Data section:
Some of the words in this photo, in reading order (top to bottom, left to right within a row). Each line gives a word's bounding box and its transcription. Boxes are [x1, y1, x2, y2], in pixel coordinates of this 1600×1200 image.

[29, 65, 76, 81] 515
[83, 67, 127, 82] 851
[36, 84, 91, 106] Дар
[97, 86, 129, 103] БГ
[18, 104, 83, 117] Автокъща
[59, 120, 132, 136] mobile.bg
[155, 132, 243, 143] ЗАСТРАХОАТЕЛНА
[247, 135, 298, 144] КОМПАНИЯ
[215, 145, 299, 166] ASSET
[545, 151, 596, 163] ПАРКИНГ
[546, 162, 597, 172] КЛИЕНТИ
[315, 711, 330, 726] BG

Exercise goal:
Each entry above needs to be returned exactly as written.

Reply to the task:
Some of the words in this photo, in reading order (top to bottom, left to right within a row). Each line gives a word's bounding box and its transcription. Boxes are [x1, y1, x2, y2], in pixel coordinates of this 1600×1200 image.

[29, 65, 76, 81] 515
[83, 67, 127, 82] 851
[36, 84, 91, 106] Дар
[97, 86, 129, 103] БГ
[18, 104, 83, 117] Автокъща
[59, 120, 132, 136] mobile.bg
[155, 132, 243, 143] ЗАСТРАХОАТЕЛНА
[247, 135, 298, 144] КОМПАНИЯ
[215, 145, 299, 166] ASSET
[545, 151, 596, 163] ПАРКИНГ
[546, 162, 597, 172] КЛИЕНТИ
[315, 711, 330, 726] BG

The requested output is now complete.